→ Brief: Please repeat the records beneath this task exactly as they appear, but skip the images.

→ Exercise inputs:
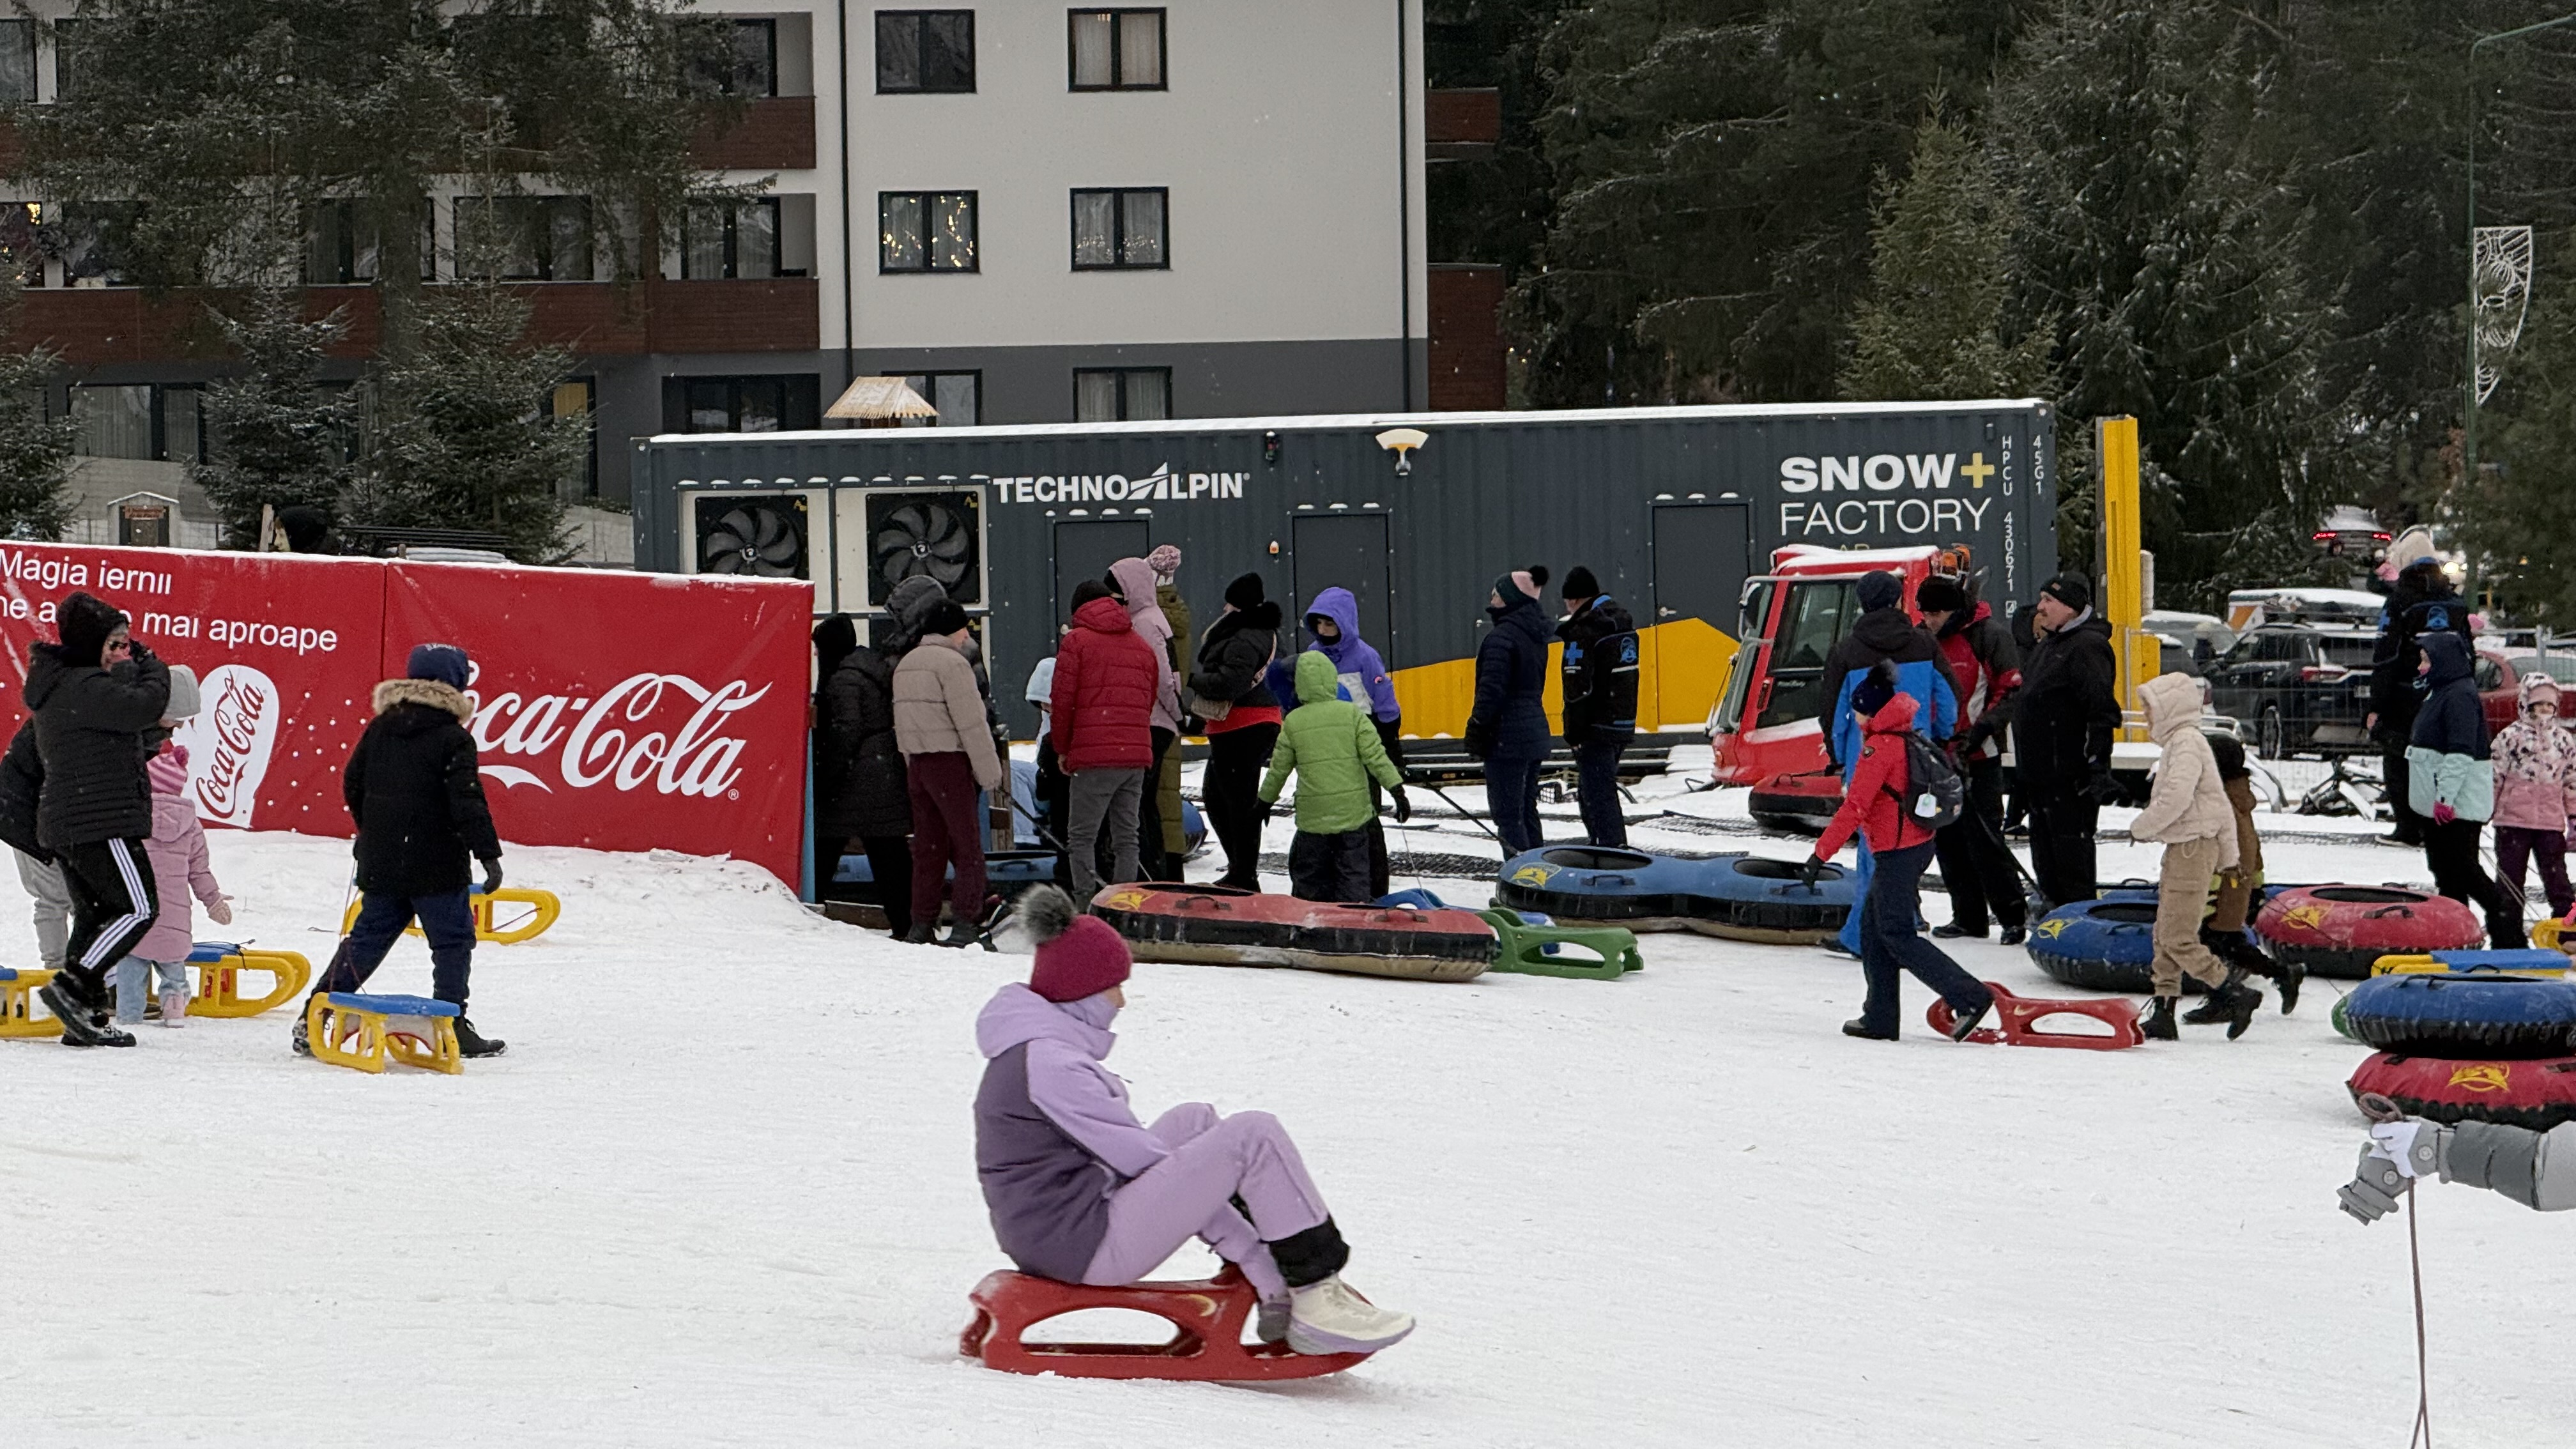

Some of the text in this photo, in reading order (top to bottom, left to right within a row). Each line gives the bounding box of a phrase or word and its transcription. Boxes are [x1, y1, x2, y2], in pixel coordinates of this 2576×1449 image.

[2002, 435, 2013, 496] HPCU
[2033, 435, 2044, 495] 45G1
[1781, 497, 1991, 536] FACTORY
[2004, 510, 2014, 592] 430671
[209, 619, 337, 656] aproape
[195, 668, 264, 818] Coca-Cola
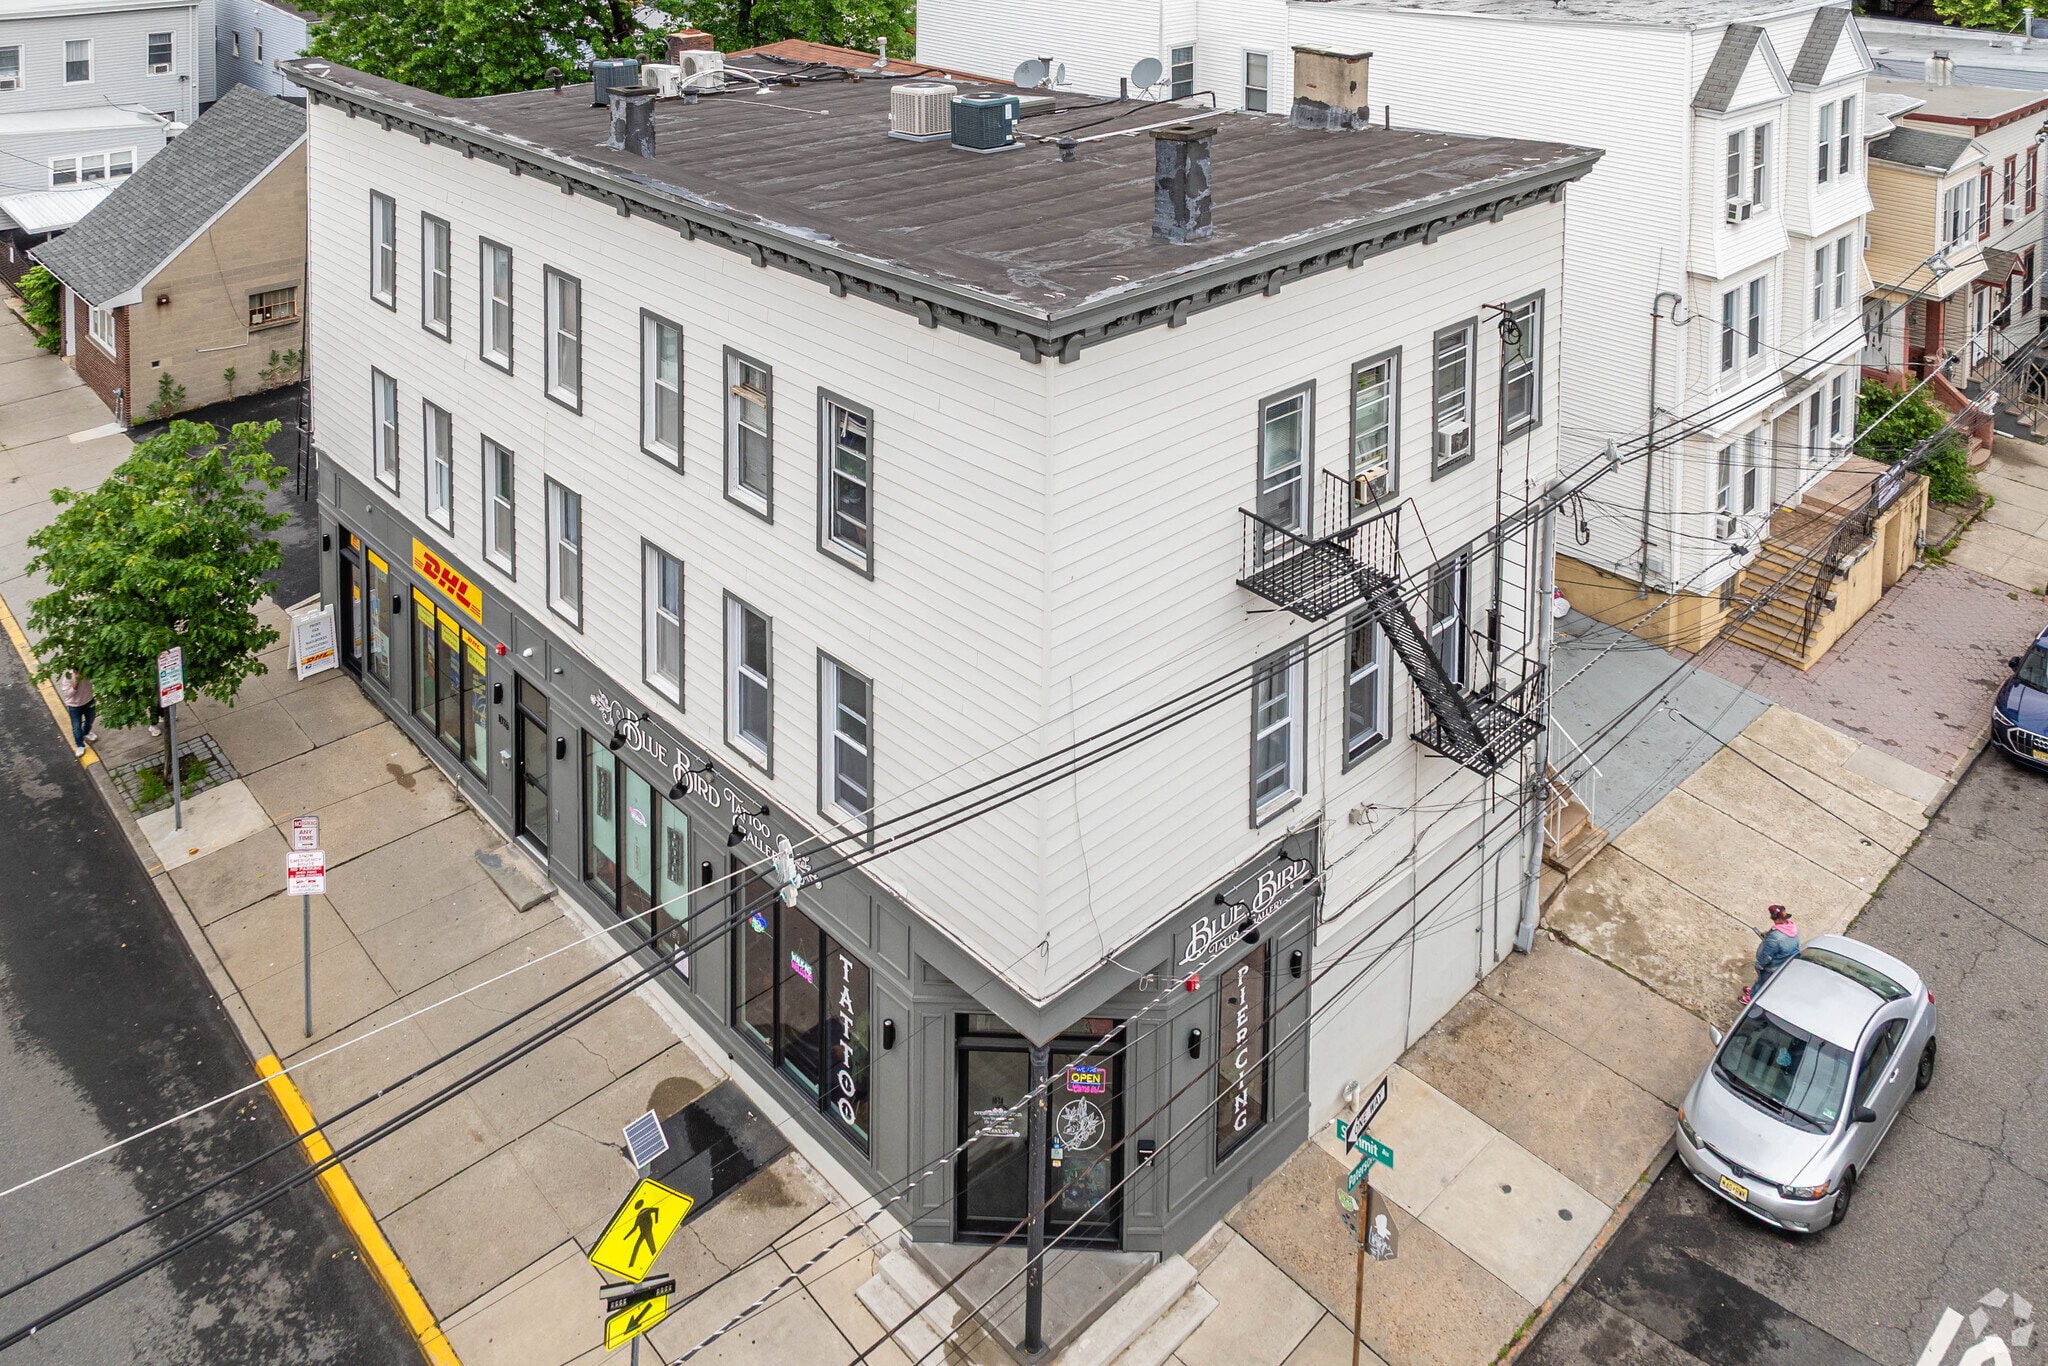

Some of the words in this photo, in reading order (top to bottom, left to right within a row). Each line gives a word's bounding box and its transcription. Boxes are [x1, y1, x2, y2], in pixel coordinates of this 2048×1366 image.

[423, 551, 472, 609] DHL
[306, 652, 329, 663] DHL
[466, 635, 481, 651] DHL
[838, 953, 856, 1126] TATTOO
[1233, 965, 1249, 1132] PIERCING
[1071, 1072, 1101, 1083] OPEN
[1353, 1112, 1368, 1136] ONE
[1369, 1089, 1385, 1115] WAY
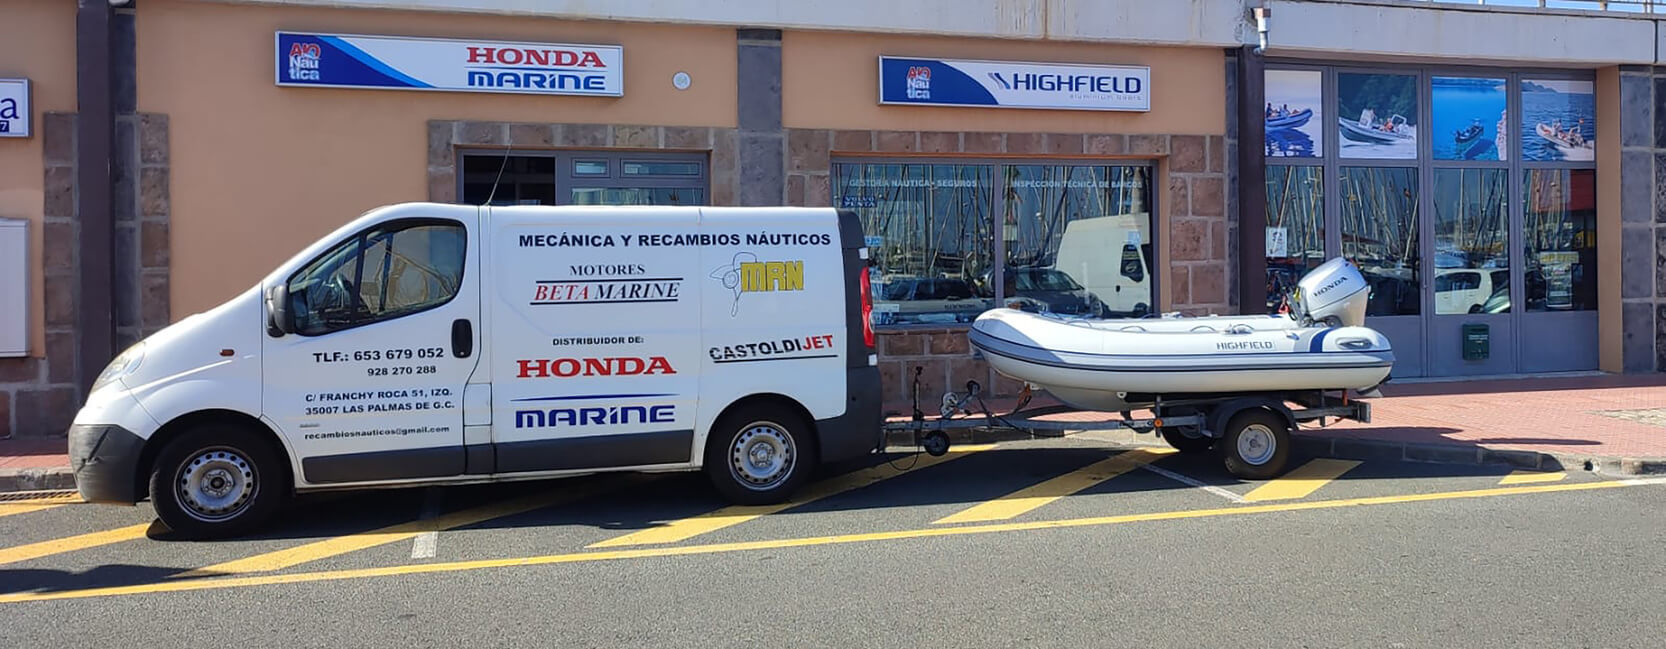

→ Task output:
Some of the text in this photo, in reading order (top to bottom, left to right within a row). Each line gives the bounding box of a phrase or word and its transcription. Boxes are [x1, y1, x2, y2], in pixel coordinates of this 2576×1449 image.

[2002, 435, 2013, 496] HPCU
[2033, 435, 2044, 495] 45G1
[1781, 497, 1991, 536] FACTORY
[2004, 510, 2014, 592] 430671
[209, 619, 337, 656] aproape
[195, 668, 264, 818] Coca-Cola

Some of the words in this photo, in reading order (top to bottom, left to right within a row). Each line gives a word's bounding box and its transcription. Boxes are [x1, y1, x2, y2], in pixel coordinates of this 2048×1366 image.

[423, 551, 472, 609] DHL
[306, 652, 329, 663] DHL
[466, 635, 481, 651] DHL
[838, 953, 856, 1126] TATTOO
[1233, 965, 1249, 1132] PIERCING
[1071, 1072, 1101, 1083] OPEN
[1353, 1112, 1368, 1136] ONE
[1369, 1089, 1385, 1115] WAY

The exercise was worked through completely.